What are you starting with? What are your ingredients? Are you trying to make a castile type soap fromsaponifying oil or fat with an alkali? For that I would do a lot of research and maybe study under an artisan soap maker. The best I have ever come across are Vicki's products from the Dreadlockshampoo.com site. For far simpler methods take a look at the Dread Maintenance section under the Dreaducation Tab at the top left of the page next to the Home Tab. They have a page on dread washing in there. Here's a quick link.

http://www.dreadlockssite.com/page/washing-dreadlocks-guide

As far as home shampoos the easiest to make is the Banking Soda wash, be sure to follow it up with an Apple Cider Vinegar rinse to bring the pH of your hair and scalp back to normal so the alkaline baking soda doesn't fry your hair and scalp, Here's a link to the ratio's from a discussion post:

http://www.dreadlockssite.com/forum/topics/ratios-baking-soda-wash-...

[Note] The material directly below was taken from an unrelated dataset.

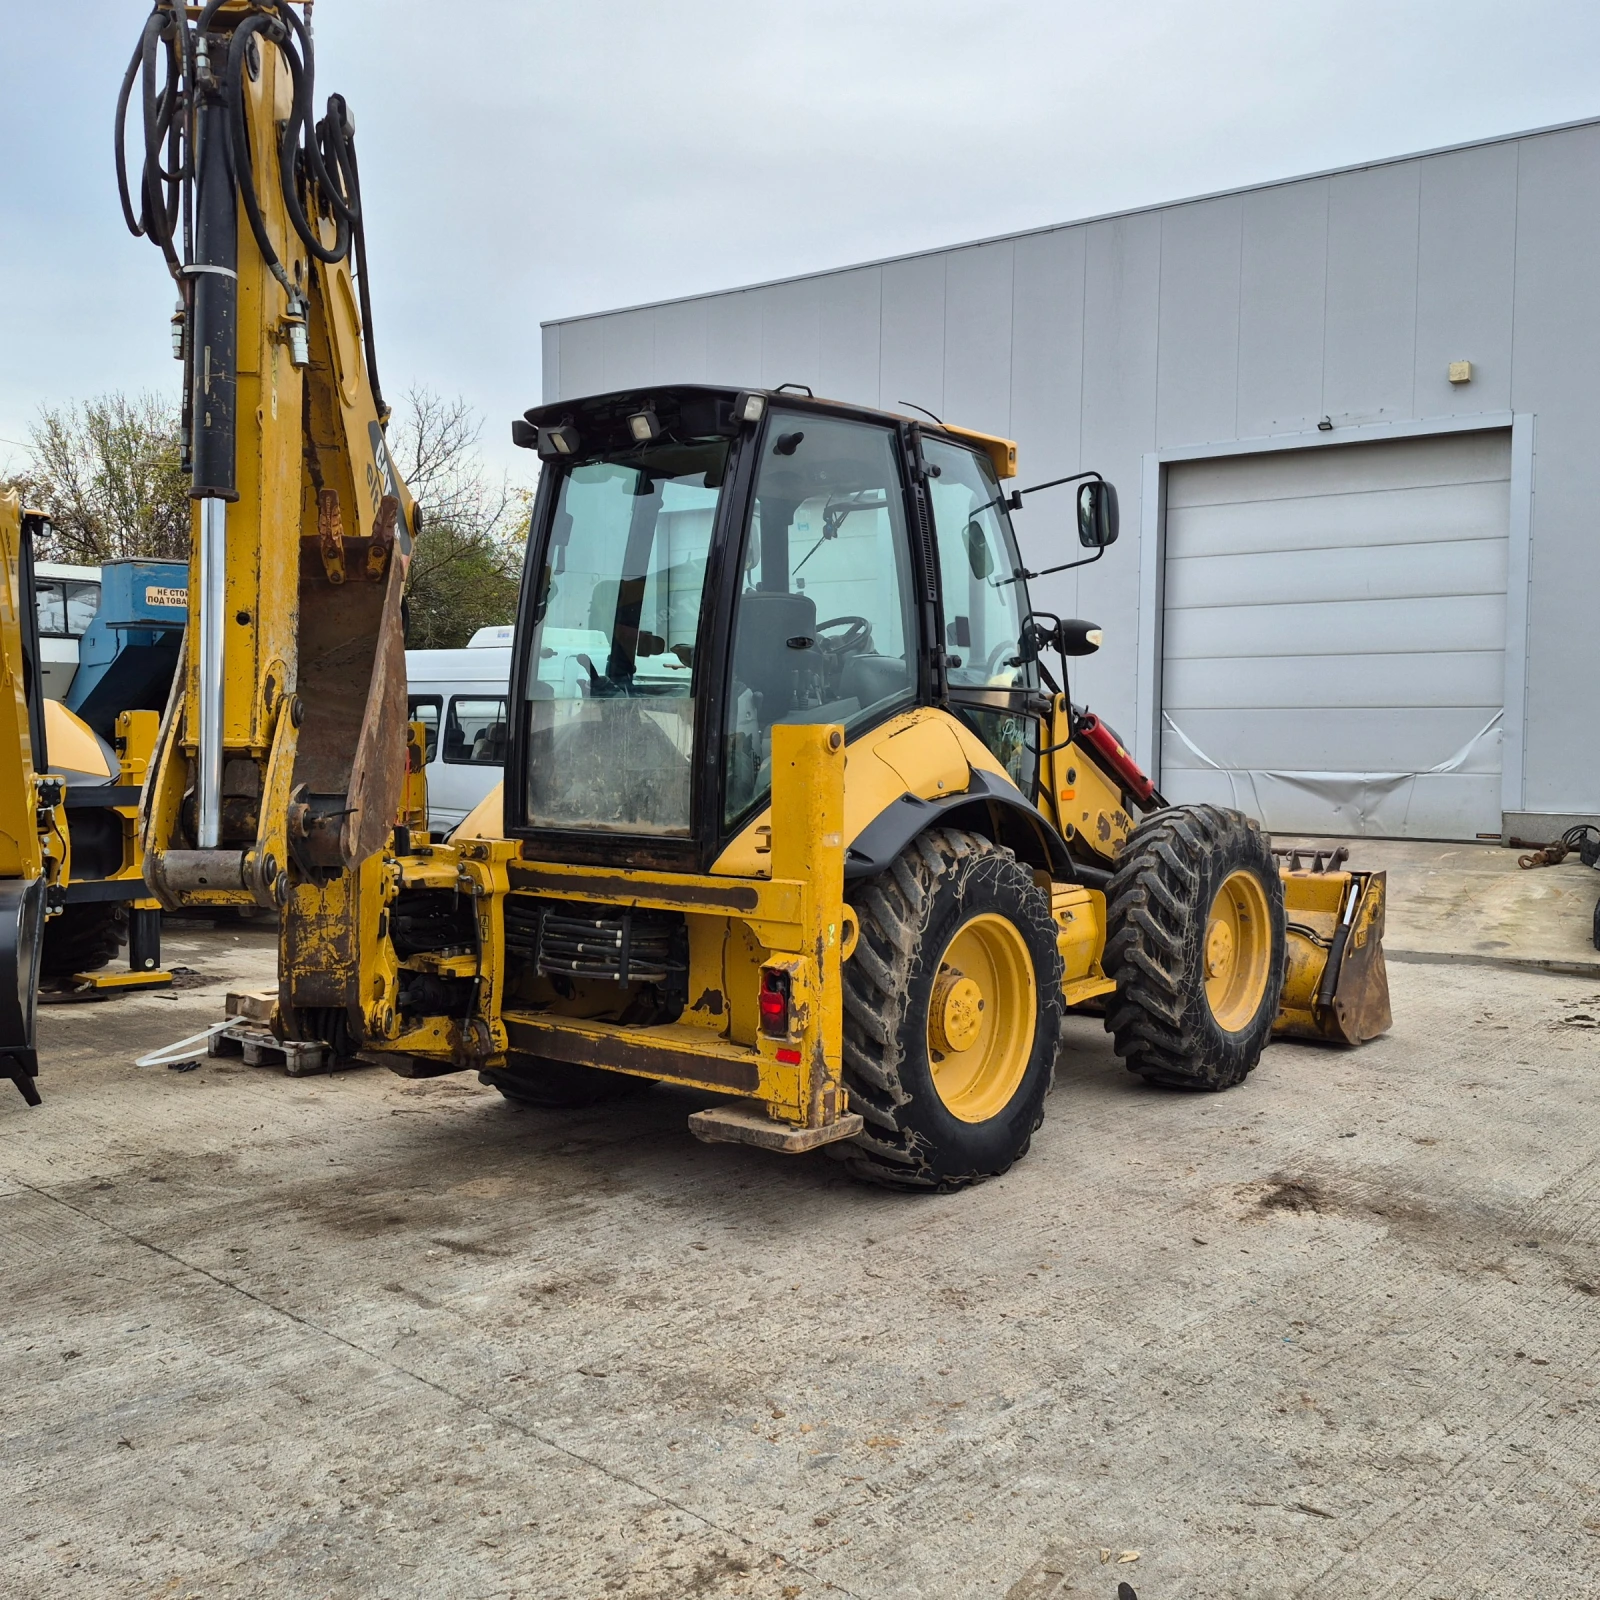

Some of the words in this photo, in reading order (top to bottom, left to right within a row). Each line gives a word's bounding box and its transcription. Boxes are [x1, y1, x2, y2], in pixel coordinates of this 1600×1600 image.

[157, 588, 168, 596] НЕ
[147, 595, 165, 605] ПОД
[166, 597, 188, 605] ТОВА

I used to use this method when I started out, it works great but does leave you smelling like Apple Cider Vinegar. There is also Dr. Bronner's, these work as well and up until recently these were my favorite wash. I would use a 8-10% ratio of Dr. Bonners to boiled and filtered spring water. I used a mixture of equal parts Tea Tree, Eucalyptus and Peppermint liquid soaps. For a half liter (500ml) sports squirt bottle like I used it translated to simply one table spoon of each of the three soaps for three tablespoons (44ml) total of soap to 500ml of total volume (456 ml of water). In addition since my locks are still maturing I would also dissolve one tablespoon and half of sea salt into the mixture to help with drying out and frizzing up my locks. You have to rise well with Dr. Bronner's soaps or they will leave your hair clean but feeling "heavy". The best are the artisan made shampoos and soap bars from Vicki and the dreadlockshampoo.com site, she really understands what dreads need to be healthy and clean plus they smell great! Even three days afterward when I'm getting ready to wash again my dreads still smell good.

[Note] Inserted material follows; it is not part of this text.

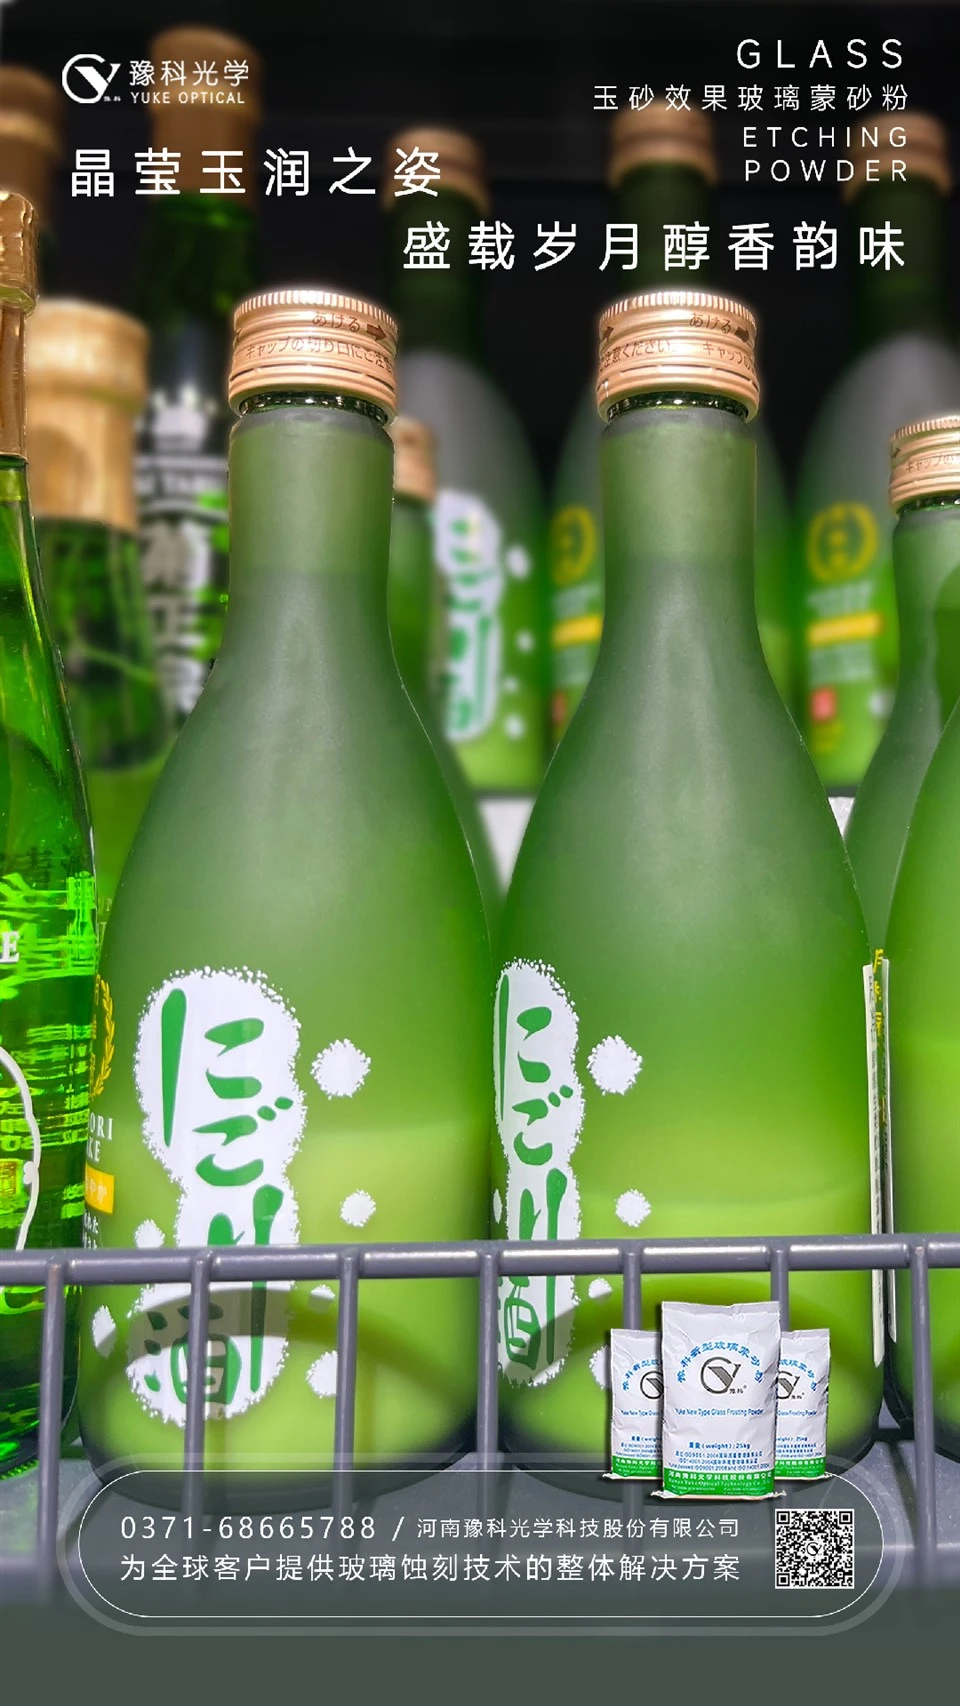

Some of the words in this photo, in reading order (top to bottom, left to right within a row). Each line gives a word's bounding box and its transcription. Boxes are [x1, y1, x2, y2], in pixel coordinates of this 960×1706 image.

[312, 311, 361, 333] あける
[689, 312, 731, 334] あける
[88, 1111, 113, 1141] ORI

Good luck with your dreads let us know how your soaps turn out.

jedi dreads
@jedi-dreads
3 years ago
28 posts

i am not all that sure where to start ive used bs/avc for the last year and wanted to make my own bar and shampoos but am not all that sure what would leave residues since i have hard water

Hannah Moore
@hannah-moore
3 years ago
68 posts

Hey I make my own shampoo I use 15% decyl glucoside, 25% lauryl glucoside and fill the rest up with water and a few drops of essential oils (I use peppermint, rosemary, lavender and tea tree) - blend it all together and that's it =]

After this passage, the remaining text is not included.